Worried About an Audit? Read This Letter to Find out How to Avoid It!

If history is any indicator slightly more than one percent of Americans will get audited this year. But I’m sure nearly 100 percent of us will be worrying that it will be us until tax season is over.

Before you worry too much about an audit, know that IRS statistics show that only 1% of people who make under $200,000 a year get audited, and the vast majority of those exams were conducted by mail. Even if you make more than $200,000 you needn’t worry too much either. Earners in this income bracket had an audit rate only slightly higher at 3.93 percent.

And while some of these audits were random, most audits are actually caused by the actions of the taxpayer. There are eight things that you can do that will get the IRS’ attention and warrant an audit. If you avoid these eight claims, you shouldn’t worry.

Red Flag #1: Not Being Honest About How Much Money You Earned

The IRS gets copies of all 1099s and W-2s you receive, so make sure you report that income. You can’t get away with writing in less than what one of those forms say. The IRS is really good at double checking your numbers against what any employer reports they paid you. Any kind of discrepancy immediately raises a red flag with the IRS.

If you do any freelance work it can be tempting to leave off one or two jobs you preformed if you think your temporary employer won’t report your work. Don’t risk it.

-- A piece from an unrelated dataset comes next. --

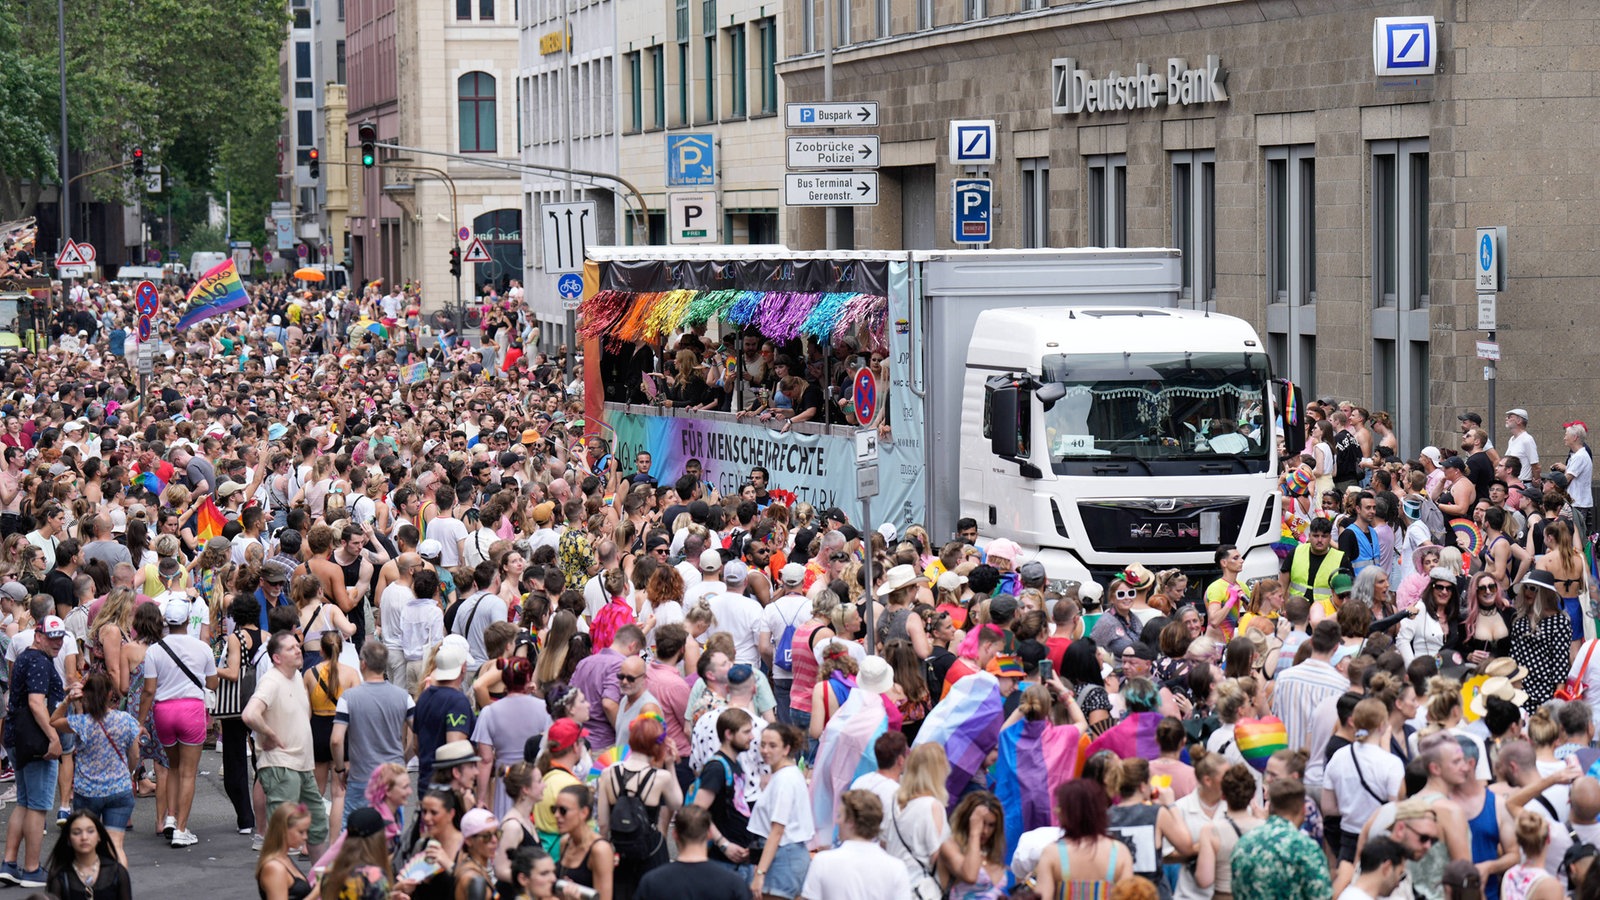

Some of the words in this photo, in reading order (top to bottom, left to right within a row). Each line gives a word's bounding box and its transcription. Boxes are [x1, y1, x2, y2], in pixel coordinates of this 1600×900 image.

If you get caught you’ll pay a fine, tax on the amount you left off and interest on that amount.

In addition don’t forget to report any income you received from the sale of any assets, like your home or stocks. This is another way to get flagged by the IRS and ensure an audit.

Red Flag #2: Taking Large Charitable Deductions

Donating cash or items to charities is a great way to give back to your community AND knock a bit off your tax bill. However, if your donations are disproportionately large compared to your income, it raises a red flag. The IRS averages all charitable donations made by people in your same tax bracket. If yours is a lot bigger than the average donation, you’re going to get audited.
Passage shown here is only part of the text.